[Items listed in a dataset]
_ _ _ _ _ _ _

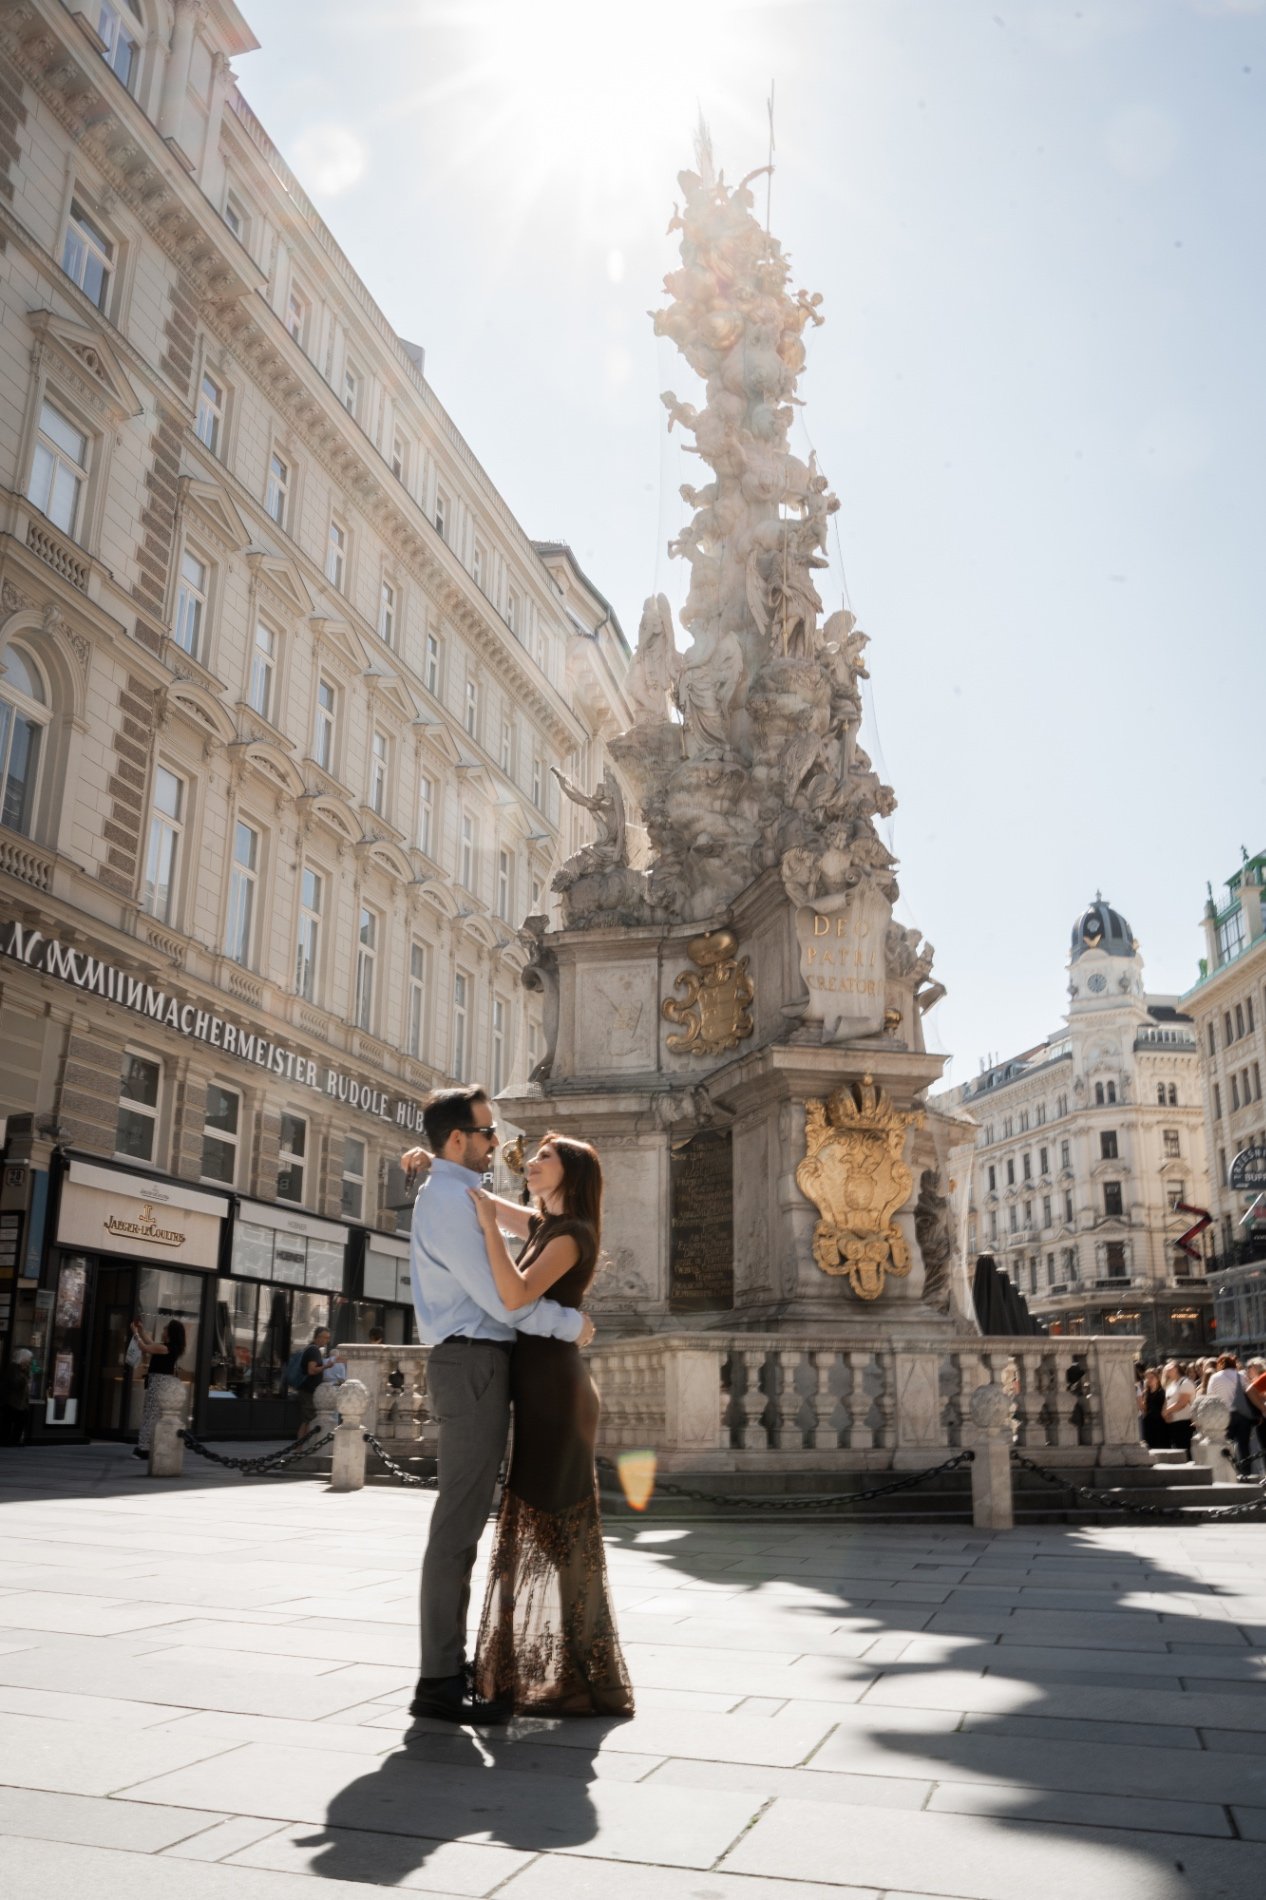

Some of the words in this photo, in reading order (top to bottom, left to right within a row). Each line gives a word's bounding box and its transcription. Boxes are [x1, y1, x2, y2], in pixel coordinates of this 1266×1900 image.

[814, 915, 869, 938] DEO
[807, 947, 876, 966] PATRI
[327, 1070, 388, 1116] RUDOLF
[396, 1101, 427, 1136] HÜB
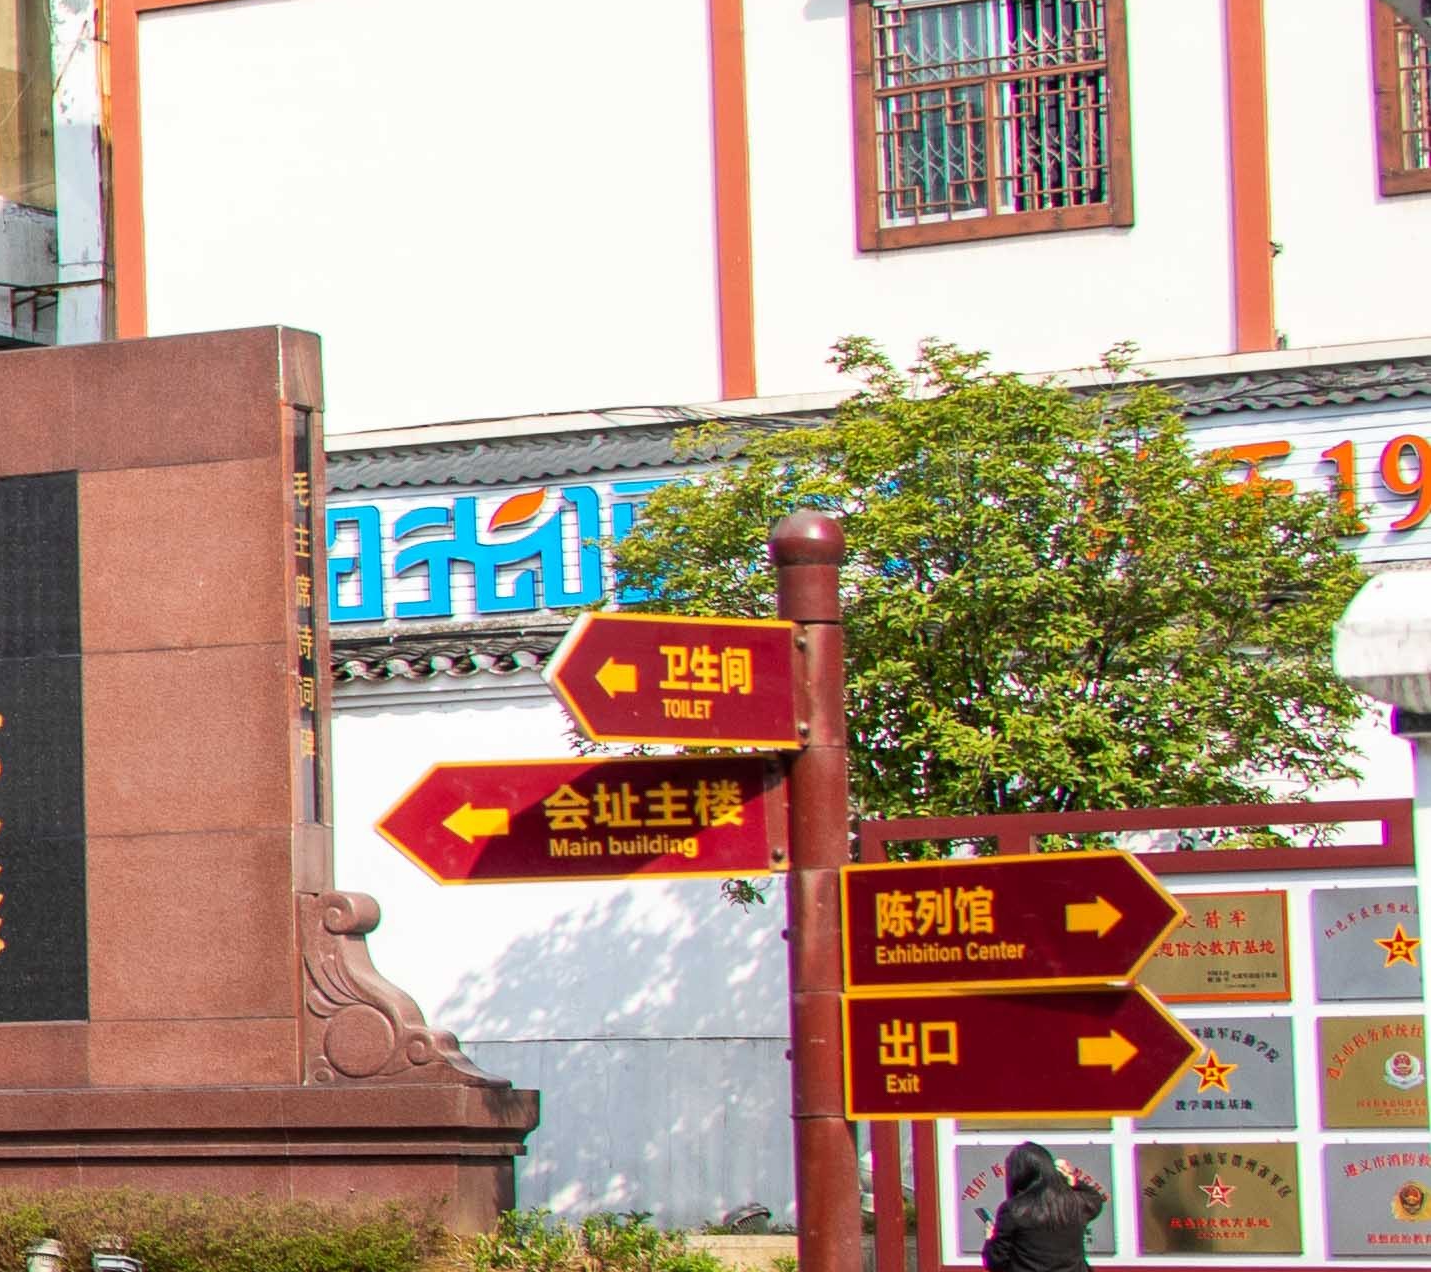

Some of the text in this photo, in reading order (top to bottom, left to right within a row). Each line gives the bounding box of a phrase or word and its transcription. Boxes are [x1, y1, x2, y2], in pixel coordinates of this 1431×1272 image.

_ _ _ _ _ _ _

WORK TO BE COMPLETED =
The answer is every line of the data, exactly as written, with the pictures dropped.

COMPLETED TASK =
Some of the words in this photo, in reading order (top to bottom, left to right within a row). Each line gives a word's bounding box and its transcription. Boxes are [x1, y1, x2, y2], in pixel coordinates of this 1266×1900 image.

[814, 915, 869, 938] DEO
[807, 947, 876, 966] PATRI
[327, 1070, 388, 1116] RUDOLF
[396, 1101, 427, 1136] HÜB

Some of the text in this photo, in reading order (top to bottom, left to right within a row). Each line gives the bounding box of a phrase or word and its transcription. Boxes are [x1, y1, x2, y2], in pixel coordinates of this 1431×1272 image.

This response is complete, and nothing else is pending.